Nano-topographic titanium modulates macrophage response in vitro and in an implant-associated rat infection model

Abstract

The macrophage-implant response plays a pivotal role in the interactions between implants and tissue involving inflammation and tissue remodeling. In this study, we investigated the proliferation, migration, and inflammatory cytokine secretion of macrophages adhering to titania nanotubes (TNT) and polished titanium (pTi) surfaces in a lipopolysaccharide (LPS)-simulated infection environment. An infection model in rats was used to analyze cell and bacterium responses to TNT and pTi implants in vivo. The in vitro results indicated that TNT surfaces restricted macrophage proliferation and migration and reduced pro-inflammatory cytokine secretion. Notably, LPS loading onto the TNT surface resulted in macrophage elongation with increased levels of secreted pro-inflammatory cytokines within 24 h followed by a decrease to the lowest level of all tested samples at 72 h.
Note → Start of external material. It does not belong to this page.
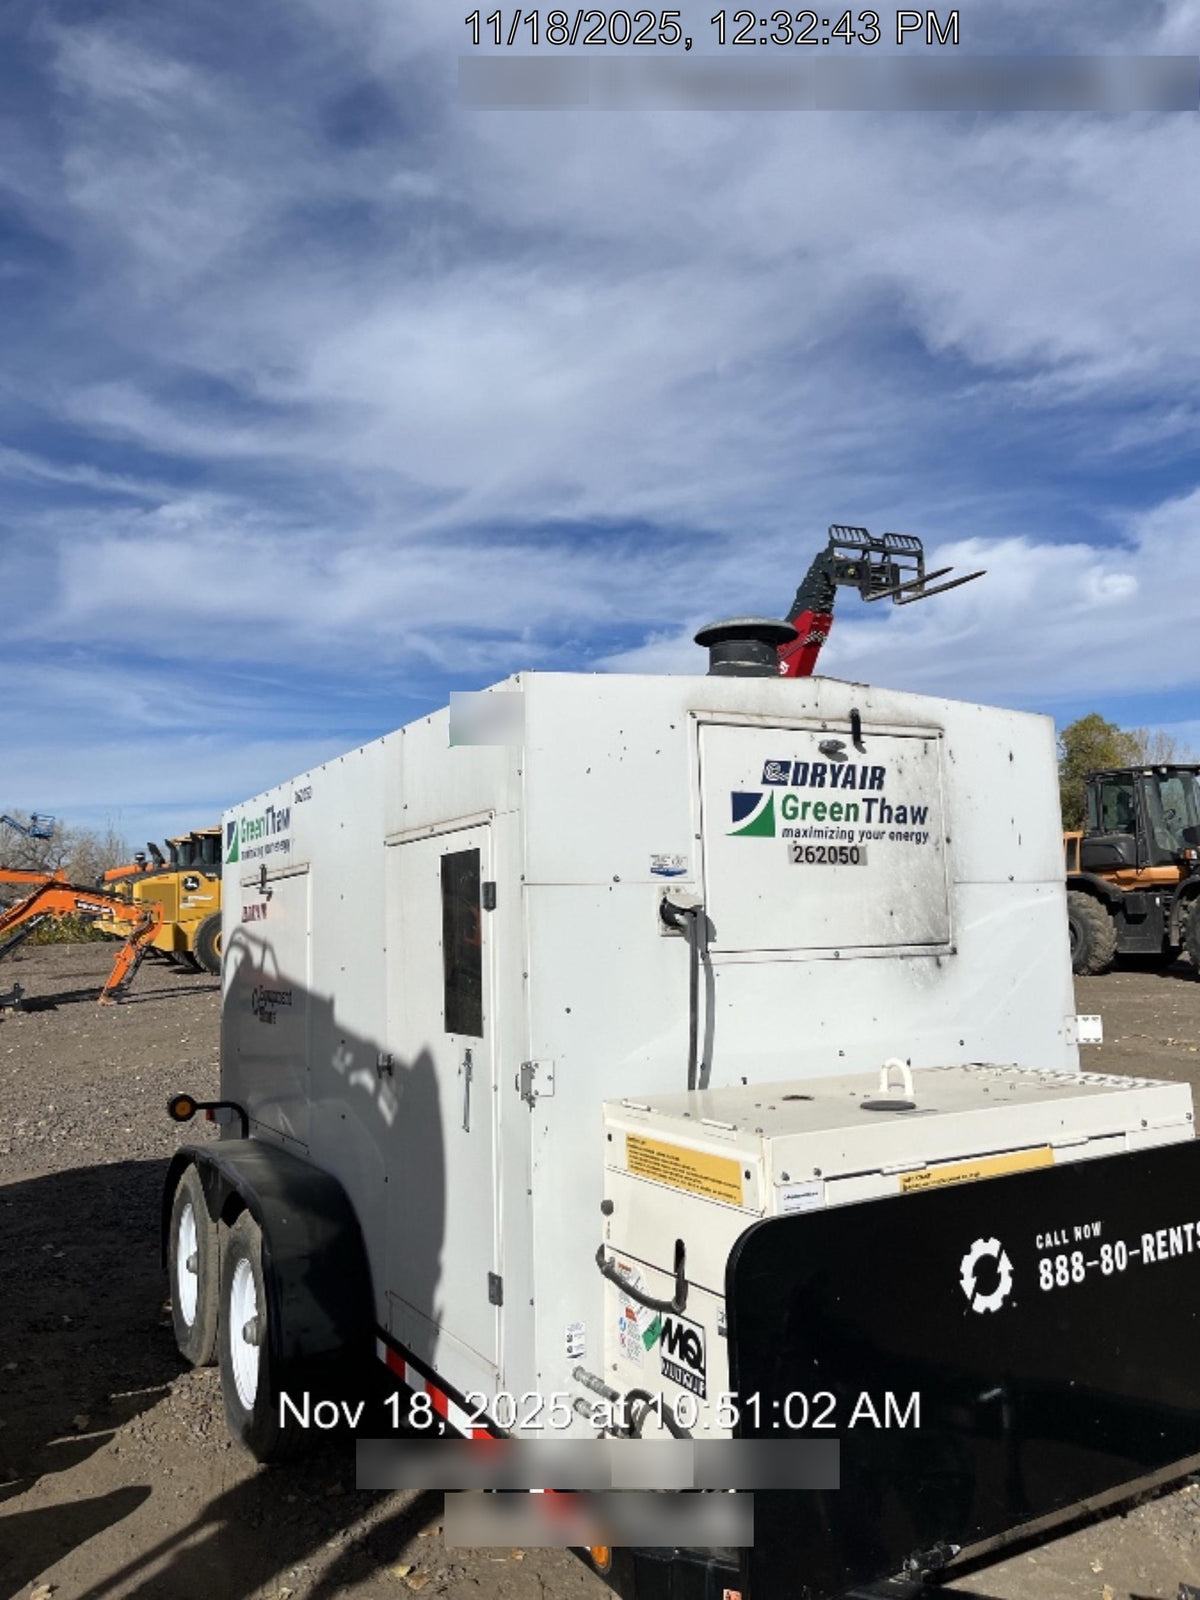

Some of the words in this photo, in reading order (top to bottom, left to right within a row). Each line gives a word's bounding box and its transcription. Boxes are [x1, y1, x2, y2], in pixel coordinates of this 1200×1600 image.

Analogously, increased amounts of inflammatory cytokines were observed for the TNT implants in vivo at 24 h with fewer detected at 72 h compared with pTi in the presence of Staphylococcus epidermidis (Se). Additionally, TNT implants exhibited lower total amounts of viable bacteria at 72 h than pTi implants. Furthermore, the tissues exhibited preferential spreading on TNT-Se implants at 72 h. These results suggested that the TNT surface in an infection environment could regulate the inflammatory response and promote tissue remodeling more effectively within the initial implantation compared with pTi. This study indicated the ability to construct functional nano-topographic surfaces by loading proteins or cytokines on implant surfaces that then could effectively modulate macrophages to support a healing process in lieu of chronic inflammation.